Print the entries exactly; skip the pictures.
====================
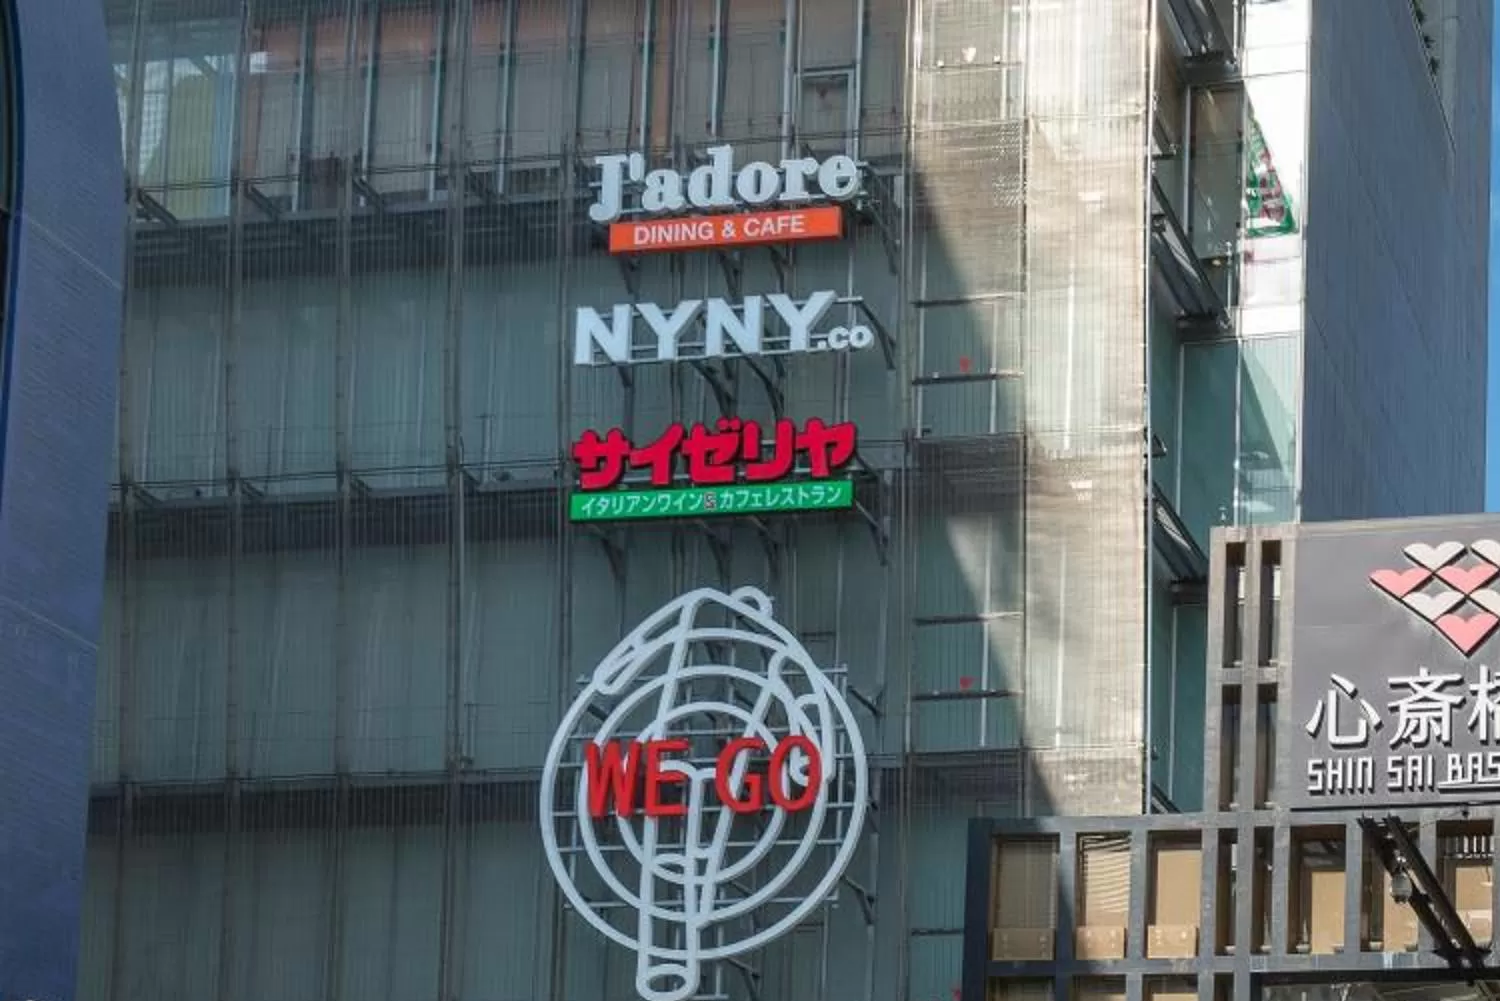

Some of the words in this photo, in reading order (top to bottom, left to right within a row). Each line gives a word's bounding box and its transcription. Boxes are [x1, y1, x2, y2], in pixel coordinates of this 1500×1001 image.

[588, 144, 859, 221] J'adore
[633, 217, 714, 246] DINING
[721, 218, 736, 238] &
[743, 215, 806, 237] CAFE
[574, 289, 874, 366] NYNY.co
[572, 417, 854, 490] サイゼリヤ
[1308, 757, 1374, 795] SHIN
[1388, 755, 1435, 793] SAI
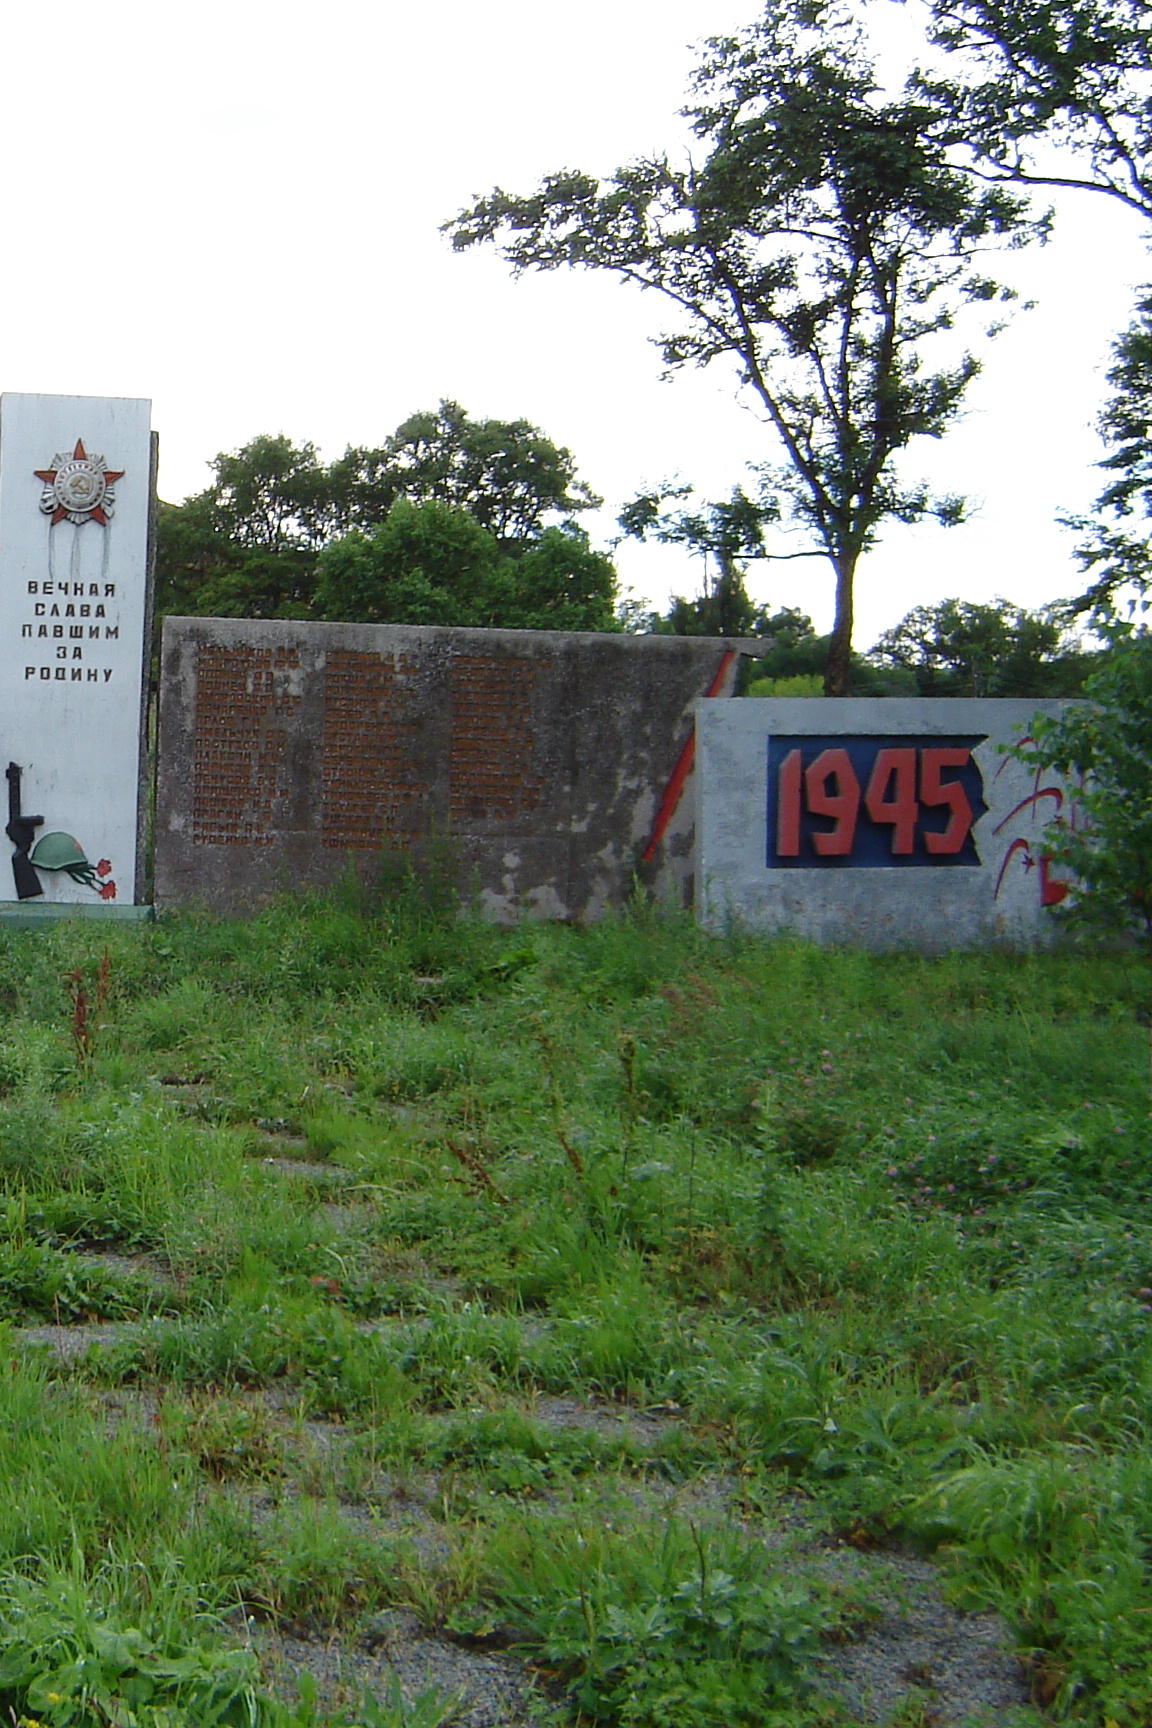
====================
Output of the exercise →
Some of the words in this photo, in reading order (top to bottom, left to right within a row). Each line gives a word's bounding box and its transcription. Boxes are [x1, y1, x2, y2], in pixel coordinates of this 1500×1001 image.

[588, 144, 859, 221] J'adore
[633, 217, 714, 246] DINING
[721, 218, 736, 238] &
[743, 215, 806, 237] CAFE
[574, 289, 874, 366] NYNY.co
[572, 417, 854, 490] サイゼリヤ
[1308, 757, 1374, 795] SHIN
[1388, 755, 1435, 793] SAI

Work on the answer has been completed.